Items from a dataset
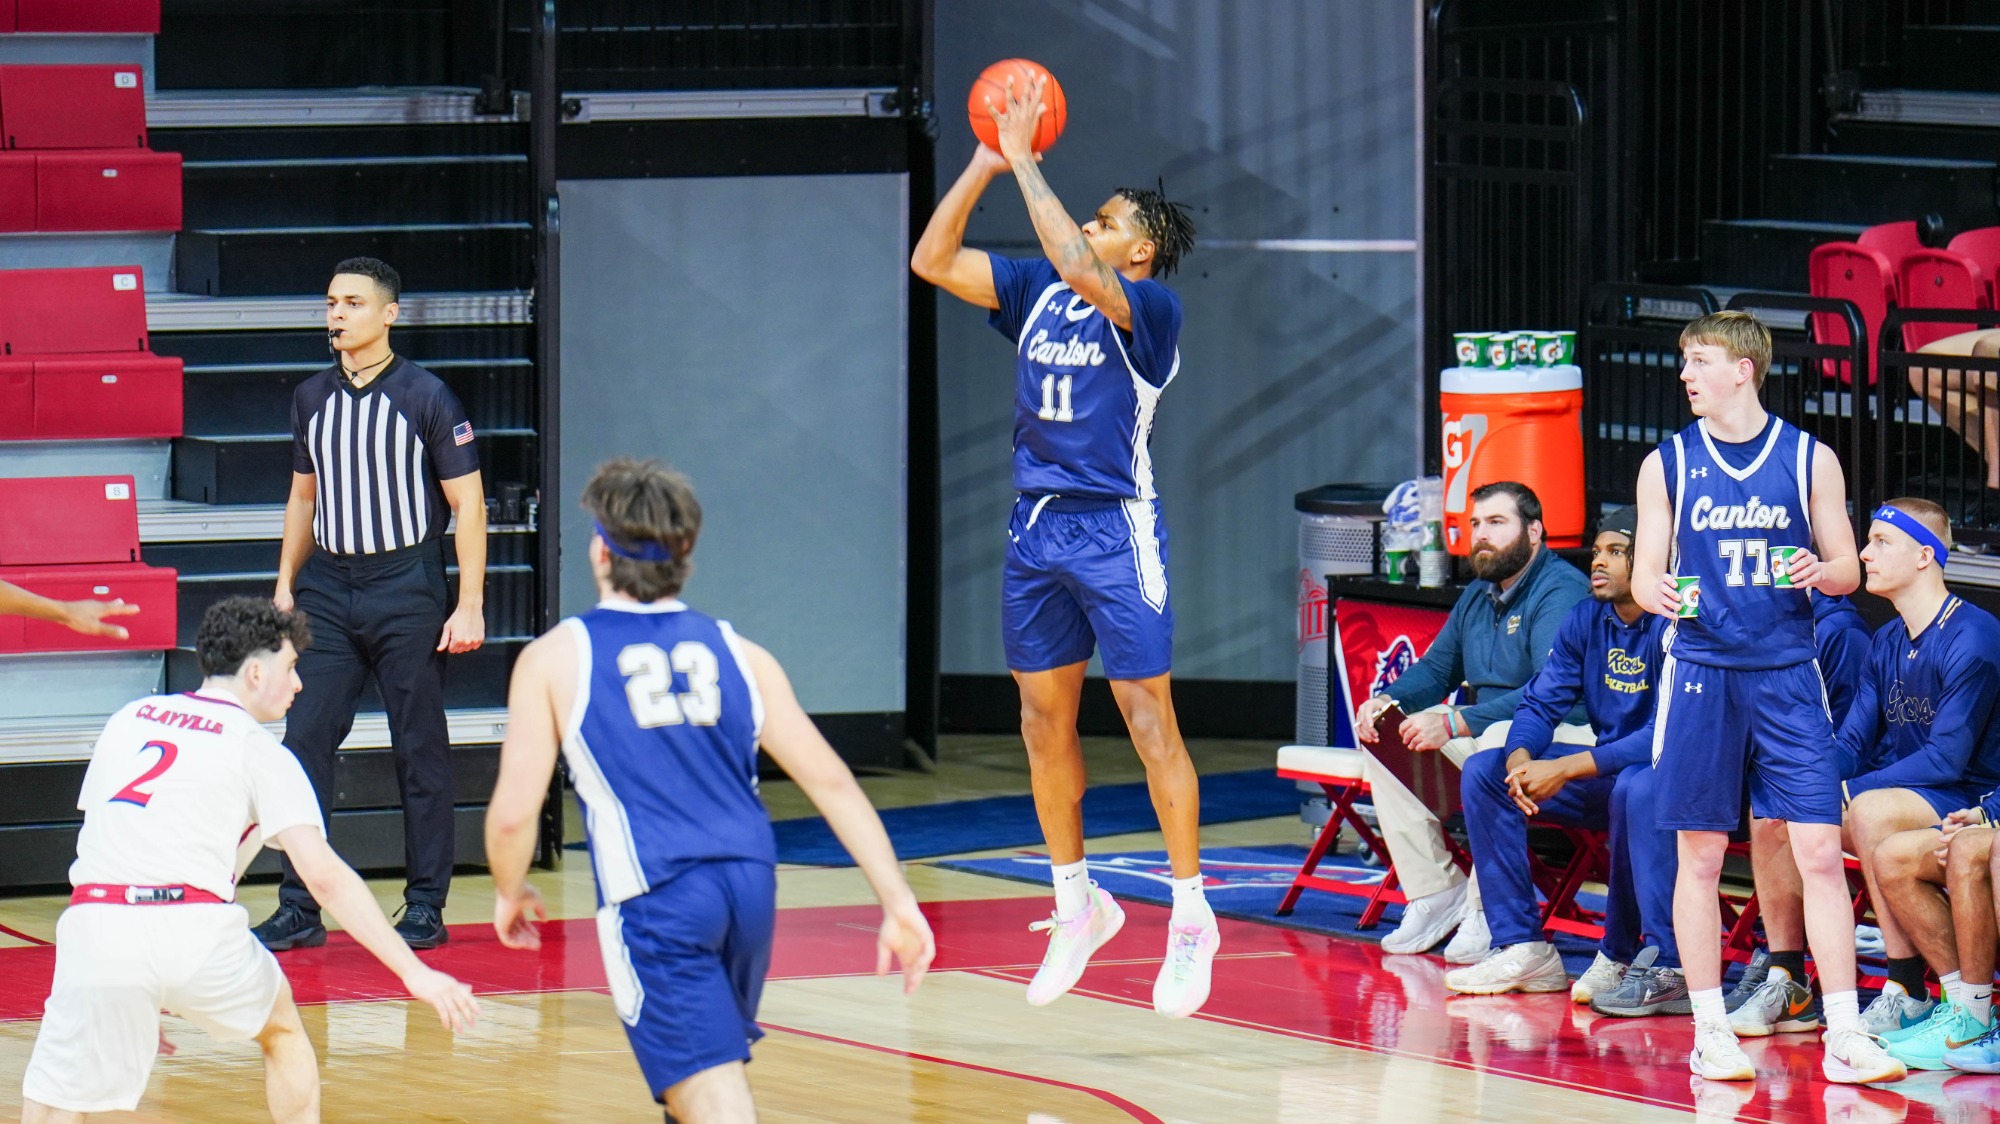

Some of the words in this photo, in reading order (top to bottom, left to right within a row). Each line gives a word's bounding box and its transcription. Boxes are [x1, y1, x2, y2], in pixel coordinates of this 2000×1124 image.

[1027, 328, 1107, 367] Canton
[1490, 344, 1506, 366] G
[1038, 373, 1074, 423] 11
[1442, 420, 1463, 469] G
[1690, 495, 1792, 532] Canton
[1717, 538, 1771, 587] 77
[1683, 584, 1700, 608] G
[616, 641, 721, 729] 23
[136, 704, 223, 735] CLAYVILLE
[107, 740, 178, 808] 2

_WORK REQUEST:_
With the pictures removed, return all the entries exactly.

_FINAL ANSWER:_
Some of the words in this photo, in reading order (top to bottom, left to right within a row). Each line gives a word's bounding box and its transcription. Boxes are [x1, y1, x2, y2], in pixel coordinates of this 2000×1124 image.

[1027, 328, 1107, 367] Canton
[1490, 344, 1506, 366] G
[1038, 373, 1074, 423] 11
[1442, 420, 1463, 469] G
[1690, 495, 1792, 532] Canton
[1717, 538, 1771, 587] 77
[1683, 584, 1700, 608] G
[616, 641, 721, 729] 23
[136, 704, 223, 735] CLAYVILLE
[107, 740, 178, 808] 2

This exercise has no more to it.